Thursday, September 11, 2008

Kobe Bryant and the Most Famous Pinkie Finger This Side of Dr. Evil

As you probably have heard by now, Kobe Bryant has chosen not to have surgery to repair the torn ligament/avulsion fracture in his right pinkie finger. Here is the explanation posted on Bryant's official website:

After seeking numerous opinions from hand specialists, Lakers guard Kobe Bryant has decided to forgo surgery on his right pinkie. Fresh off his Olympic Gold Medal performance in Beijing, Bryant expressed that he did not want to miss any time on the court when Lakers training camp opens later this month.

"I have always felt that I can still focus and play at a high level even through various injuries. That's really just part of the game. When the doctors told me recovery from a procedure could be 12 weeks, I just decided now was not the time to have surgery. What it really came down to for me is that I just didn't want to miss any time 'punching the clock' for the Lakers, given all we are trying to accomplish as a team this NBA season. I am just really excited and looking forward to being there with the guys when camp opens in a few weeks. That is a real bonding process and if I can avoid being on the sidelines for that, God willing, I will," said Bryant.

That "punching the clock" reference could certainly be interpreted to be a not very thinly veiled swipe at the work ethic of Bryant's former teammate, Shaquille O'Neal, who famously did not have offseason toe surgery in the summer of 2002 because he got hurt--in his words--on "company time." O'Neal missed the first 12 games of the 2002-03 season and the three-time defending champion Lakers got off to a slow start, ultimately slipping to the fifth seed in the Western Conference playoffs; the Spurs eliminated them in the second round and went on to win the title. Bryant finished third in MVP voting that season while also making the All-NBA First Team and All-Defensive First Team and if not for his efforts--including an incredible February in which he averaged 40.6 ppg as the Lakers went 11-3--the Lakers could very well have missed the playoffs entirely. Despite all of the various nonsense that has been spewed about the reasons for the tension between O'Neal and Bryant, that season is when the conflict really boiled over publicly and this was all a result of O'Neal's delayed surgery: when O'Neal came back out of shape he wanted the Lakers (i.e., Bryant) to slow the ball down and feed him in the post but Bryant's reply was that O'Neal needed to get in shape, whereupon O'Neal retorted that if the big dog is not fed (the ball) then he won't guard the house (play defense in the paint). Nothing made the contrast between Bryant and O'Neal's priorities and perspectives more obvious than their statements and actions that season.

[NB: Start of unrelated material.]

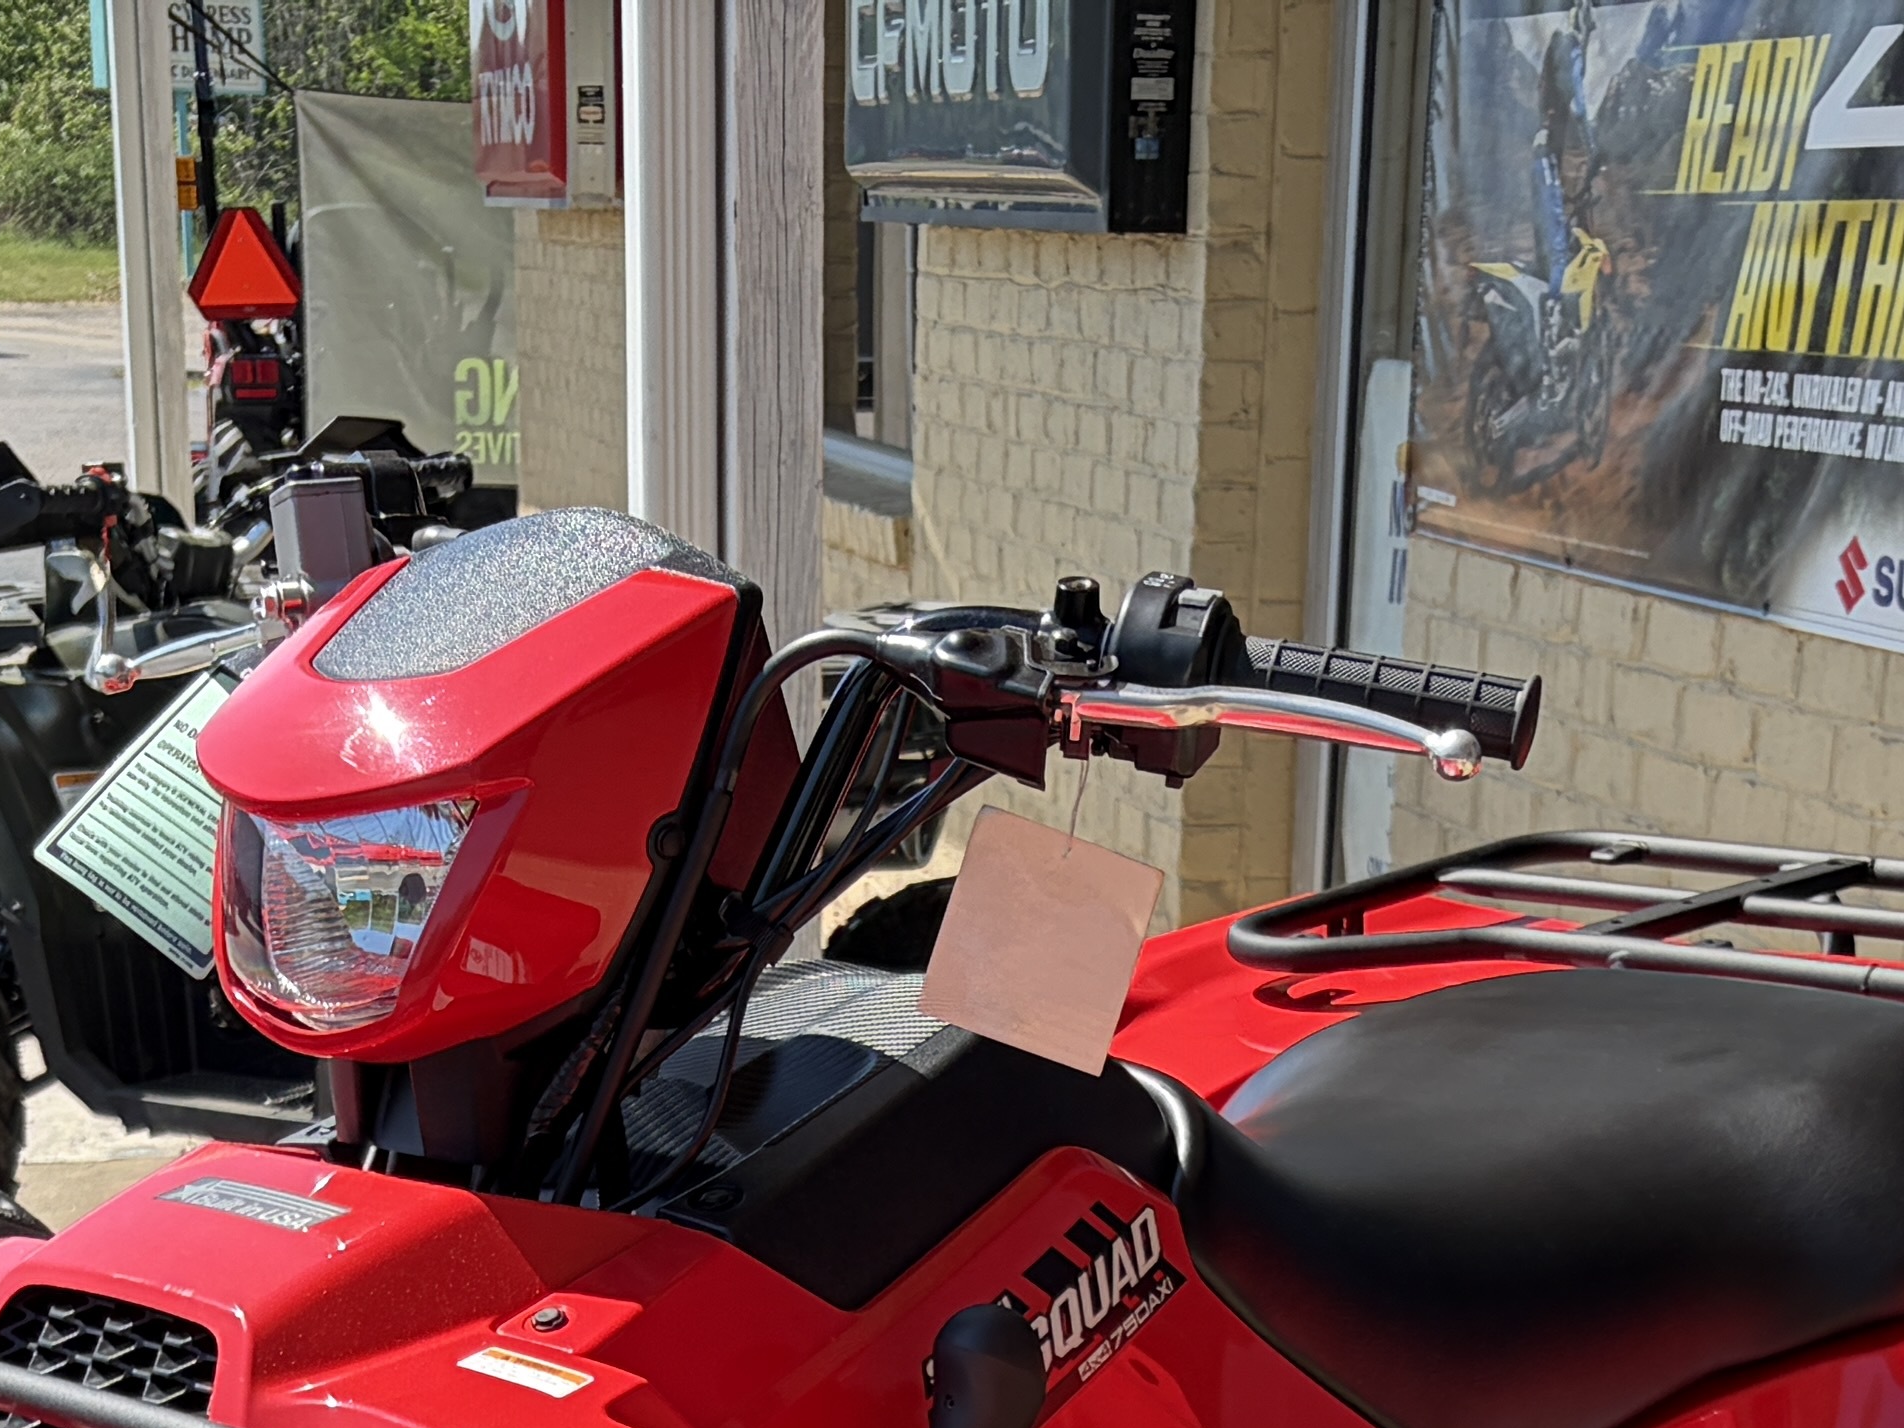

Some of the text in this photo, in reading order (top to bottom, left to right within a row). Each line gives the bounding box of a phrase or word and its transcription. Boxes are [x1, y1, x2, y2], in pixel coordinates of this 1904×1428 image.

[851, 0, 1049, 105] CFMOTO
[1676, 34, 1830, 193] READY
[1032, 1206, 1162, 1373] QUAD

This brief trip down memory lane is relevant because it surely has a lot to do with Bryant's current decision--not that he is trying to revive some played out "feud" or even prove some point. No, Bryant is simply practicing what he has always preached and lived by: his primary focus is to make sure that he is in shape and on the court during the basketball season. That is why he has played through a variety of injuries during his career, only sitting out when it was simply impossible to get on the court, in marked contrast to O'Neal's annual extended in-season vacations. Keep in mind that LeBron James missed five regular season games last year with a much more minor finger injury than the one Bryant suffered in February (Bryant did not miss any games and, other than the game immediately following the injury, his level of performance did not decline). Paul Pierce left an NBA Finals game in a wheelchair only to miraculously reappear moments later. In contrast, it is no exaggeration to say that you would literally have to drag Bryant off of the court to keep him from playing. In a January 12, 2004 game versus Cleveland, Bryant sprained his right shoulder (which had been surgically repaired the previous summer) but he convinced Coach Phil Jackson to put him back in the game; Bryant tried to play with just one arm before Jackson finally took him out of the game. Just months earlier, Bryant played the final 10 playoff games of 2003 with torn tissue in his right shoulder socket (Bryant averaged 32.1 ppg in 12 playoff games after averaging 30.0 ppg in the regular season; both numbers were career-highs for him at that time).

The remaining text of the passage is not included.